Crescimento econômico favorece incremento no volume de feiras no país
Adriana Machado
O volume de feiras realizadas no País saiu de 143 em 2001 para 180 neste ano. A afirmação foi feita pelo ex-presidente da Embratur e professor universitário Eduardo Sanovicz, durante a 1ª Conferência Temática sobre Turismo de Negócios e Eventos e o Desenvolvimento do Rio Grande do Sul, realizado na quinta e na sexta-feira da semana passada, em Porto Alegre. A grande mudança apontada por ele nos últimos anos é a pulverização de feiras e congressos, agora realizados em outras regiões brasileiras.
Enquanto até a década de 1990 eles estavam concentrados no eixo Rio-São Paulo, hoje vários estados são responsáveis pela atração e realização de feiras, congressos e outras atividades. Na palestra, Sanovicz ressaltou que já existem 52 cidades brasileiras recebendo eventos internacionais, fator responsável pela oportunidade de inserção de jovens no mercado de trabalho e pela formação de novos destinos. Para o Rio Grande do Sul se consolidar como polo de turismo de negócios, é preciso especializar e segmentar a atuação dos profissionais do setor.
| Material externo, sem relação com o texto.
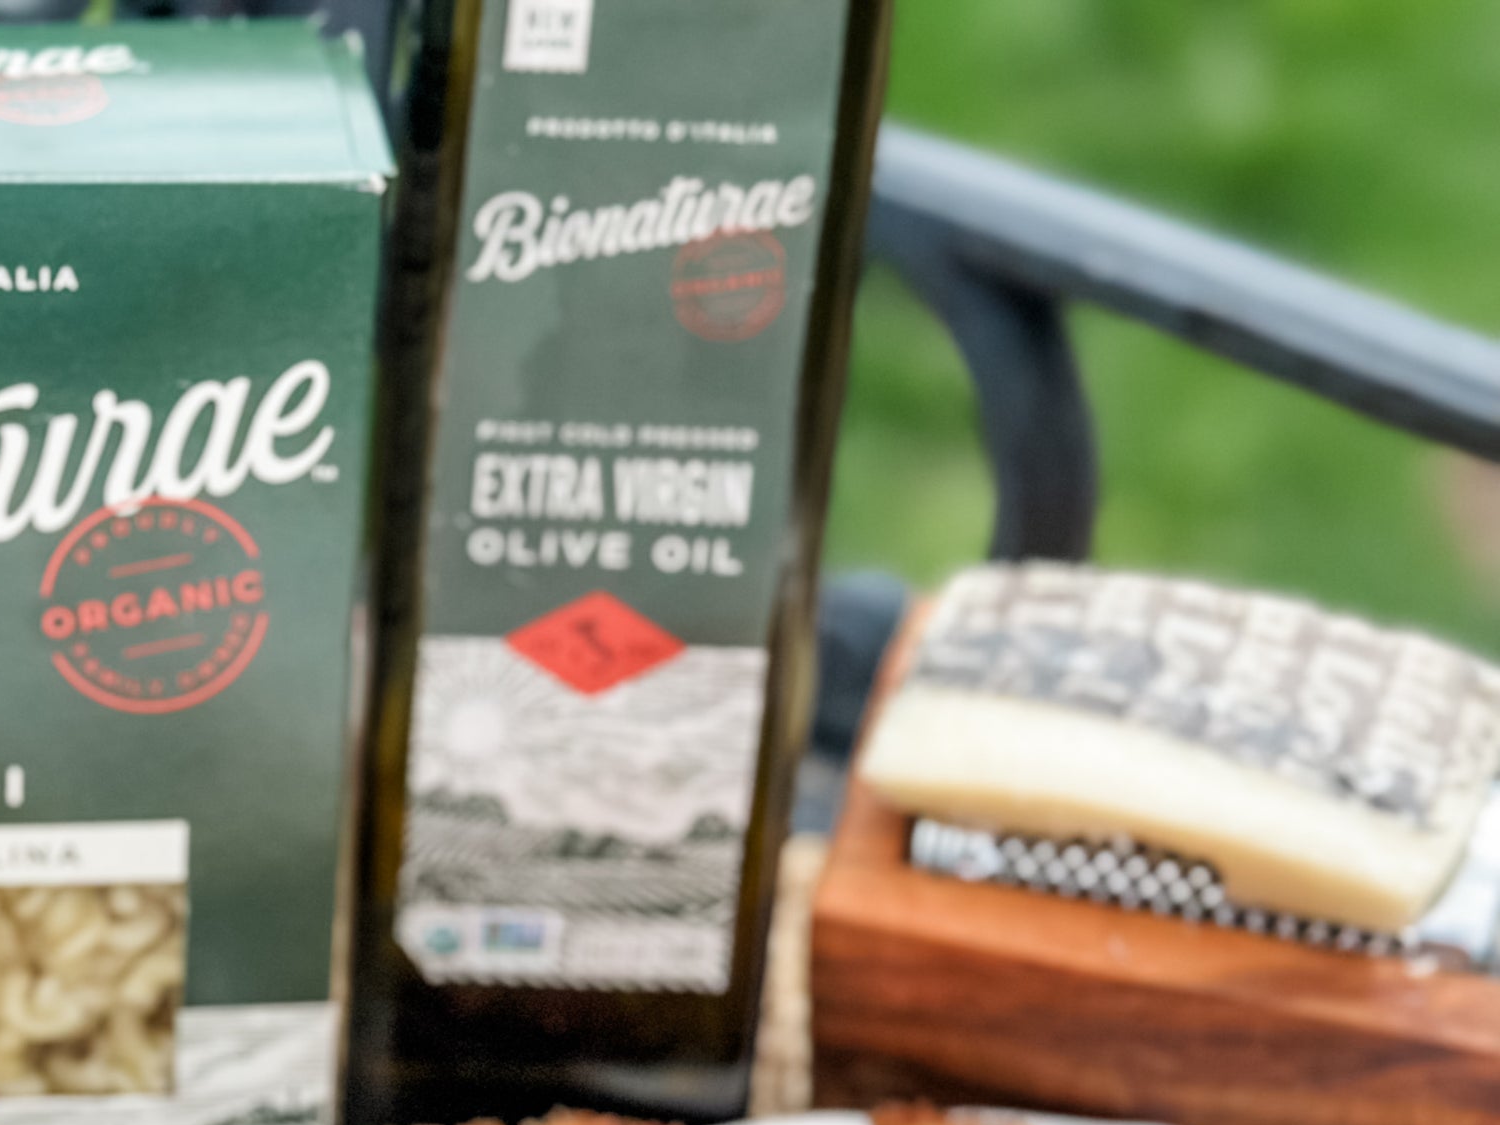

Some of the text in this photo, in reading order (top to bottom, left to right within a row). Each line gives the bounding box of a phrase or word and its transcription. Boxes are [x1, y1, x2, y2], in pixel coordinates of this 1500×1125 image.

“Os eventos precisam trazer informações que os meios eletrônicos não consigam dar aos participantes”, diz o ex-presidente da Embratur. Outro fator apontado pelo professor para a obtenção do sucesso é a construção de centros de eventos voltados para as necessidades das mulheres, como por exemplo, um espaço para deixar os filhos. Hoje, o turismo de eventos é uma das atividades que mais gera impactos na economia, mobilizando 52 segmentos. Segundo o Ministério do Turismo, o Brasil passou de 21º para 7º no ranking mundial de países que mais realizam eventos internacionais.
Porto Alegre é a quarta capital brasileira que mais recebe esses eventos, conforme apurou o ranking da Internacional Congress and Convention Association (ICCA), recebendo este ano aproximadamente 1 milhão de visitantes. No ano passado, essa quantidade era 20% menor. Em 2011, foram organizados 50 eventos, afirmou a presidente do POACVB (Porto Alegre e Região Metropolitana Convention & Visitors Bureau), Berenice Lewin. Segundo ela, o impacto financeiro na economia da cidade é de R$ 80 milhões.